At the hospital, family and friends were gathering. I tried hard to reassure them. I kept telling them I was OK, but the looks on their faces told me that they weren’t buying it. It was a difficult job since I had an arrow sticking out of my neck!
Soon, they took me back for a CT scan to determine the location of the arrow on the inside. The doctors and nurses began telling me how lucky I was. The arrow had gone between the carotid artery and the jugular vein. That space between the two is a quarter of an inch or less. The diameter of the arrow is larger than the space it went through. It actually pushed the artery to the side—without nicking it. There was no bleeding at all. Although I didn’t realize at the time how truly incredible this was, I began arguing with them that I wasn’t “lucky”; I was “blessed”! This is an argument I have continued to wage ever since.
As I was being taken back to surgery to remove the arrow, my family entered a waiting room full of people—in fact, there were two waiting rooms full! Someone told my son, Kyle, that there was a post on the site texasbowhunter.com asking for prayers for me. It turns out a friend had called her son, who is a bowhunter, and told him about the accident, and he had posted the prayer request on that website.
The morning after my two-hour surgery, with my family all gathered in my room, a couple of the doctors came by to see me. After they left, the surgeon came in. He checked the wound and talked to us about what he had done. Then he told us something that rocked our world again.
He said that the CT scan had revealed that I had a brain tumour. I remember going a bit numb but thinking, God works in mysterious ways! The surgeon said they were almost certain the tumour was benign, but it was located in a very difficult place. I was stunned, of course, but I felt like it was God’s plan for me to find it.
A few days later, I went in for a second opinion from another neurosurgeon. He said that it was a difficult surgery but that it had to be done. The tumour was about to cross the midline of my brain, which would have resulted in a massive stroke.
The brain surgery was successful, and in less than a week I was back home. I was discouraged and feeling horrible. I had lost a lot of blood from a bacterial infection, Clostridium difficile, and was extremely anaemic and weak. I was beginning to have symptoms of post-traumatic stress disorder, hearing the swoosh and then the thunk of the arrow. Thankfully, that didn’t last too long.

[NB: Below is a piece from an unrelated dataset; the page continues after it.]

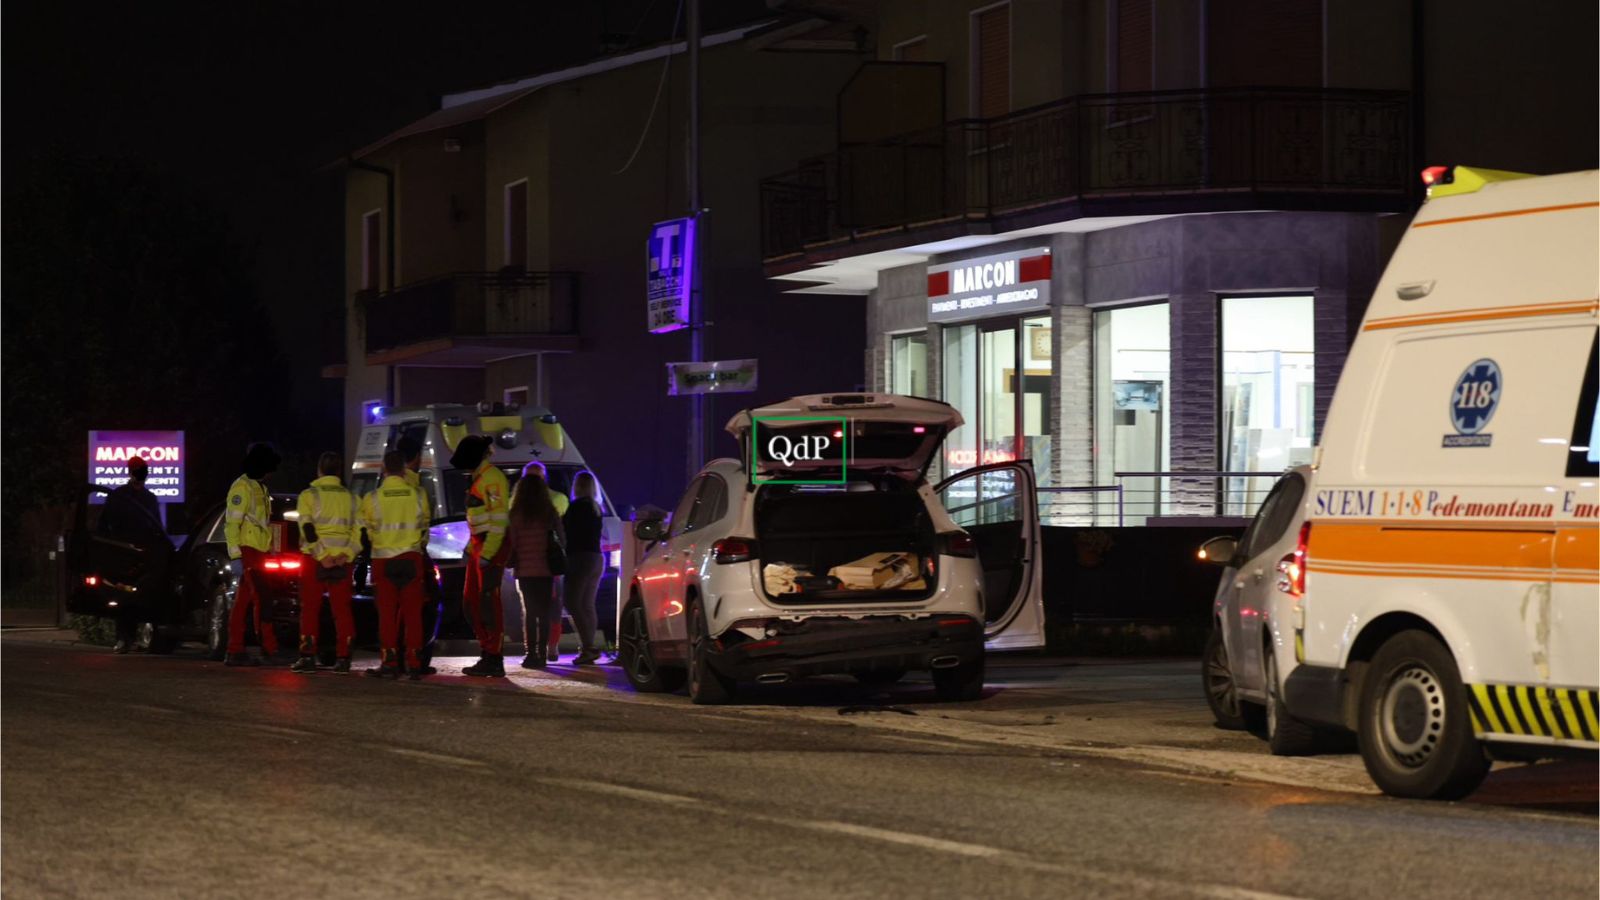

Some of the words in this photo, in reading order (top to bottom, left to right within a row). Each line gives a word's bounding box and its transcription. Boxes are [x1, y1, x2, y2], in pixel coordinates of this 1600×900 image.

All my adventures had taken a toll, and I needed a time of healing and rest. All was uneventful for a couple of years. I continued to tell people that I was not lucky; I was blessed. I had an MRI each year to make sure that the tumour was not growing back. But, in 2015, after I had my MRI, the doctor’s office called and told me that I needed to come back in to see them.
"I wasn't lucky; I was blessed."
The doctor explained that there was still no sign of a tumour, but they had found a brain aneurysm. Normally, aneurysms aren’t discovered until they rupture, and that is almost always too late. Again, I was facing uncertainty and dreading brain surgery. I simply do not know how people go through times like these without the Lord, and the peace that comes from knowing God is in control.
In the weeks before the surgery, I felt at peace with whatever the outcome would be. We went to Dallas for the procedure. They found it was a very fragile and difficult aneurysm, covered with blisters and on the verge of rupturing, but the doctor successfully clipped it.
Had it not been for that arrow, I would have died from a brain tumour, a stroke or an aneurysm! And honestly, the arrow should have killed me. But it didn’t.
For weeks and weeks, everyone gathered around me when I went to the grocery store or the post office. People would stop and hug me and even cry, saying how happy they were that this had happened. It strengthened everyone’s faith.
Coincidences? Luck? I think not. The gentleman who wrote the last comment on the prayer-request thread on texasbowhunter.com summed it up in just two words. He simply wrote, “Amazing grace.”